Todos conhecemos a história do rei que ia nu. Todos assim o viam e ninguém o comentava até que a inocente criança deixou todos em suspenso ao verbalizar o que todos sabiam.
O que se passou com a bastonária da Ordem dos Enfermeiros lembra inevitavelmente essa história: ela traduziu em palavras o que há muito se sabe pelas mais variadas formas, mas permanece hipocritamente silenciado.
E, pela segunda vez em poucos dias, lá vieram as virgens ofendidas defender a sua honra supostamente posta em causa, depois de, pelo mesmo processo inquisitorial, quase se ter pedido o fogo da Inquisição para os responsáveis pelo cartaz do Bloco de Esquerda sobre a paternidade modernaça de Jesus.
Mal vai a esquerda, quando se deixa intimidar pela verborreia acintosa da direita. Nesse sentido Alfredo Barroso, que foi um dos poucos a levantar a voz em defesa do direito à liberdade de expressão, colocou a questão nos seus devidos termos. É que, em vez de se deixar acobardar a esquerda tem de ripostar com igual ou ainda maior determinação: porque é que os católicos se ofenderão com um cartaz, que traduz a veracidade bíblica? Será que a ofensa é da generalidade dos crentes dessa religião ou eles estão a ser manipulados pela Conferência Episcopal e por alguns deputados do CDS para se sentirem ofendidos?
Da mesma maneira, quando é que se acaba com a mistificação de serem os cuidados paliativos a solução miraculosa para que se justifique prolongar o sofrimento de alguém? Seremos surdos aos ais desesperados dos que, nos quartos dos hospitais, sofrem dolorosamente e só imploram por quem lhes alivie de vez essa tortura? Será que as famílias deverão estar condenadas a verem a deterioração progressiva dos que amam sem nada poderem fazer?
A direita e os interesses corporativos da medicina privada estão interessados em prolongar ao máximo a precária sobrevivência dos doentes terminais: interiorizaram a tal ponto a defesa da Saúde como um negócio, onde imposta obter tanto lucro quanto possível, que a obrigatoriedade desses cuidados paliativos surge como uma parcela não negligenciável dos seus rendimentos.
Se eu me vir acometido de uma doença incurável, que implique um fim de vida marcado pelo sofrimento e pela degradação física, que direito tem a sociedade em privar-me do direito a uma morte assistida? Quem dá a outrem a decisão sobre se devo viver ou se devo morrer’ Quem é afinal o dono do meu próprio corpo?
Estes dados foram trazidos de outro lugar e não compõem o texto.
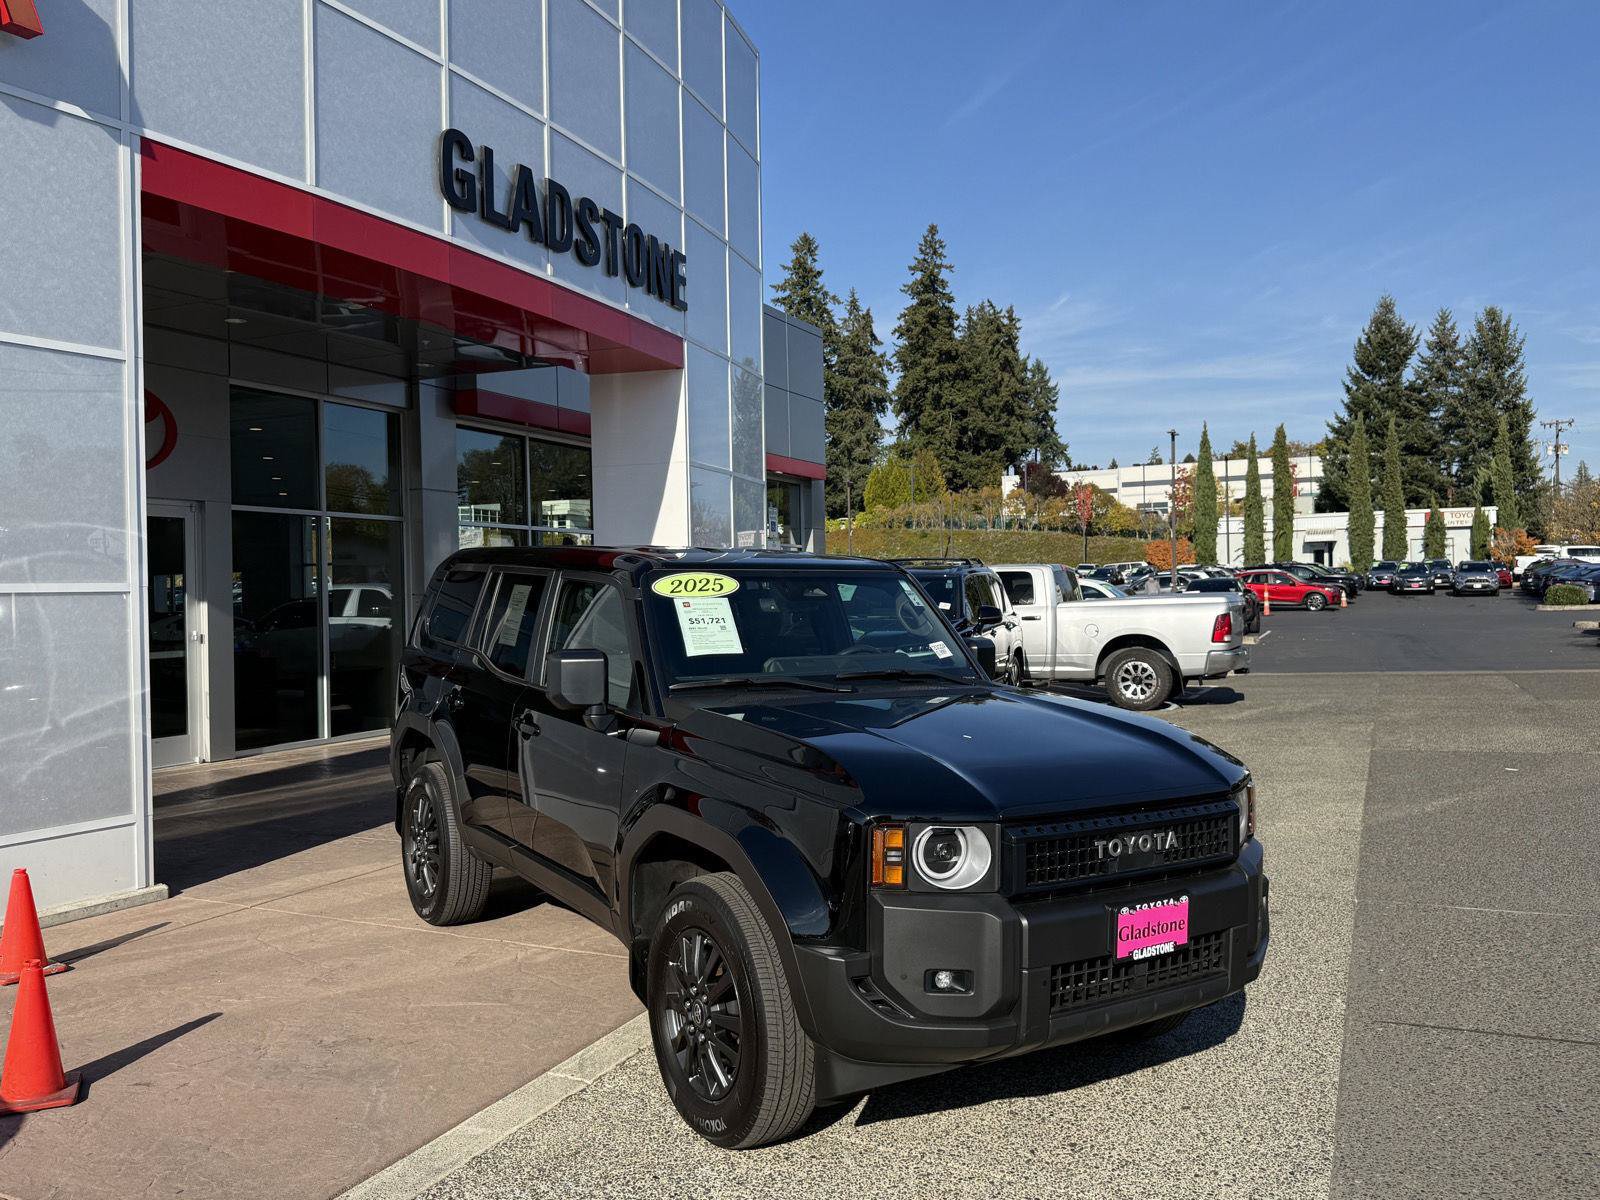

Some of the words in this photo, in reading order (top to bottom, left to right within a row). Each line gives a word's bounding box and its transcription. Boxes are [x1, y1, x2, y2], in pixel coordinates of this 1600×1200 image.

Compreende-se o sururu causado pelas palavras da bastonária dos Enfermeiros: é que os defensores do statu quo sabem perdida de antemão a guerra em que se meteram, mas mostram-se dispostos a vender cara a derrota em cada batalha. Por isso viram nas declarações dela a oportunidade para travarem um processo, que seguirá o seu curso natural com um ou outro abrandamento momentâneo.